Кто из таких скитальцев, как мы, не стучался с этим вопросом в окно крайней хаты? Кто не радовался, услышав в ответ, что партизаны близко? А нам такие ответы причиняли новую боль и горе: жители торопливо рассказывали о боевых делах нашего, Добрянского, отряда!
— На Октябрьские дни партизаны брали районный центр. В Добрянке Советская власть была, поднимали красные флаги.
— Взорвали какой-то важный автобус в Киселевке.
— На железной дороге подстроили три крушения.
— За Сожью, люди слыхали, был бой. Два дня сильно бились.
При каждом таком сообщении невольно опускалась голова. Нам ли не знать о взятии Добрянки? Тогда мы все принимали участие в нападении на районный центр. Да и все, о чем нам рассказывали, мы знали лучше, чем любой из жителей окрестных сел. Под штабной автобус в Киселевке я подложил мину собственными руками, да и сам чуть не взорвался: был неопытным. А про бой на реке Сожь — просто слушать невозможно: сжимается горло. Там-то и нашел себе могилу наш славный отряд.
Народ помнил каждый наш шаг, с гордостью говорил о добрянских партизанах. И пока мы не вышли из своего района — тень отряда будто шагала за нами по пятам. Отовсюду только и было слышно о боевых делах нашего погибшего отряда.
Какой хороший был коллектив! Как случилось, что он погиб — я не мог понять. Ведь всем заранее ясно, что партизаны обычно имеют дело с превосходящими силами противника. Но это же не означает, что те, кого меньше, в конце концов должны погибнуть. В чем тут секрет? Вот что тогда еще здорово меня мучило, и чего я никак не мог осмыслить. Не знали этого и мои спутники. Все были рядовыми бойцами. Исполняли приказы, но о тактике партизанского движения ничего еще не слыхали.
Один товарищ из нашей группы тоже, видно, пытался решить тактический вопрос и запутался. Может быть, просто струсил? Он вдруг заявил, что не видит смысла покидать свой район: партизаны затем и оставлены в тылу, чтобы действовать в родных, хорошо им известных местах. Он предложил разойтись поодиночке и попрятаться у верных людей до лучших времен или хоть до весны. Конечно, он, подобно нам всем, надеялся в глубине души, что к весне война кончится: Красная Армия скоро перейдет в наступление, мы победим.

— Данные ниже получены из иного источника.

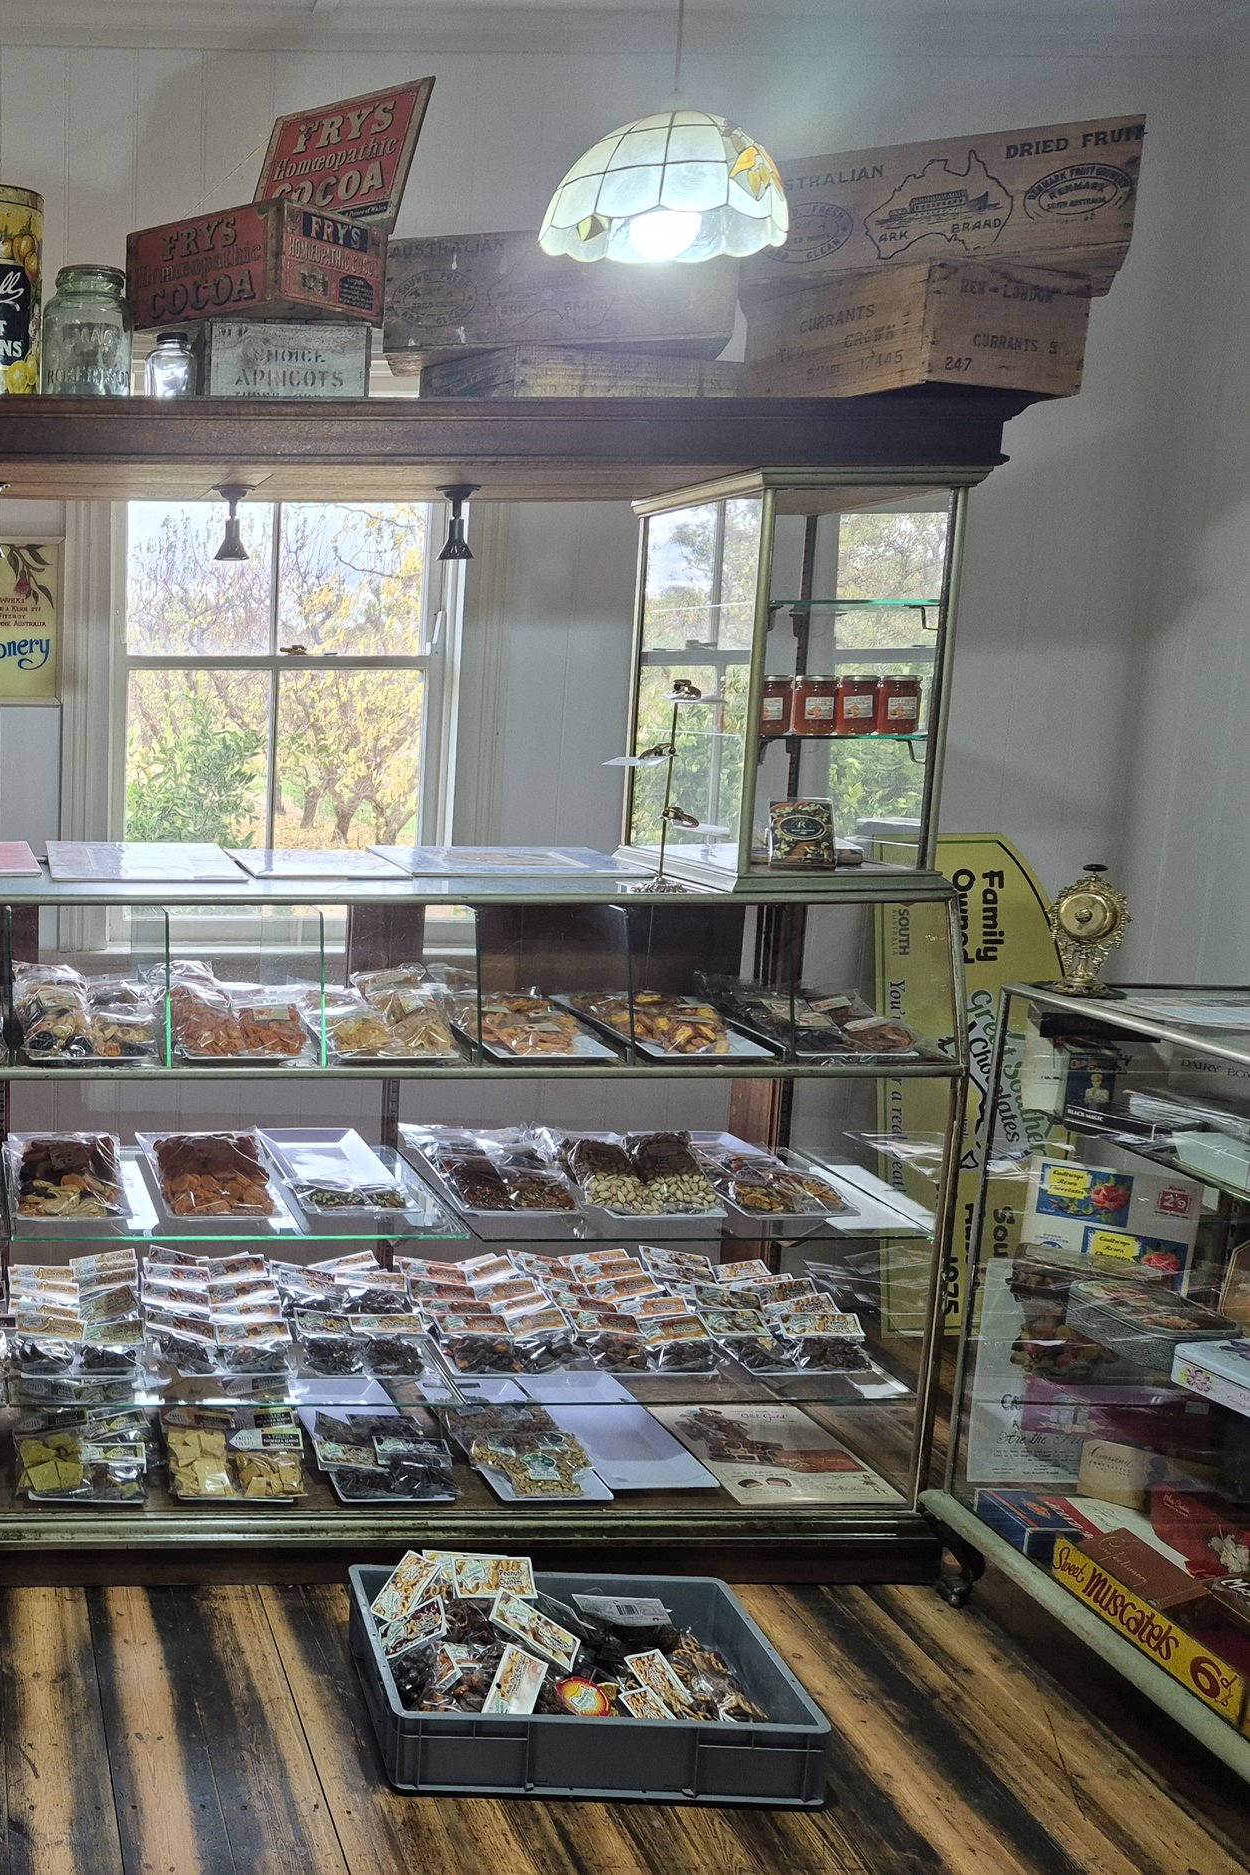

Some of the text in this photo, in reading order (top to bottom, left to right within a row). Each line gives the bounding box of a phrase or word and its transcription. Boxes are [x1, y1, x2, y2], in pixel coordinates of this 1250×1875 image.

[1005, 138, 1070, 160] DRIED
[271, 160, 385, 208] COCOA
[783, 164, 885, 193] STRALIAN
[879, 217, 1002, 243] ARK BRAND
[147, 269, 257, 320] COCOA
[800, 304, 876, 333] CURRANTS
[973, 333, 1039, 353] CURRANTS
[235, 368, 344, 388] APRICOTS
[944, 356, 973, 372] 247
[975, 870, 1005, 962] Family
[898, 908, 910, 956] SOUTH
[1181, 1058, 1222, 1073] DAIRY
[993, 1206, 1016, 1258] Sou
[499, 1569, 523, 1577] Peanut
[1053, 1546, 1086, 1584] Sweet

Разговор с этим товарищем случился, когда сильно подморозило. Прошла та промозглая пора, когда сырость пробирает до костей: еще не зима, и уже не осень. Но вот кончился ноябрь. Выпал первый снег. Растаял. А потом выпал снова и одел схваченную морозом землю тонким покровом. Даже птичьи следы оставались на нем такими четкими знаками, будто их печатали типографской краской на белой бумаге. А уж наши потянулись такой веревочкой, что самый глупый полицай сообразит, какие «птицы» ее оставили.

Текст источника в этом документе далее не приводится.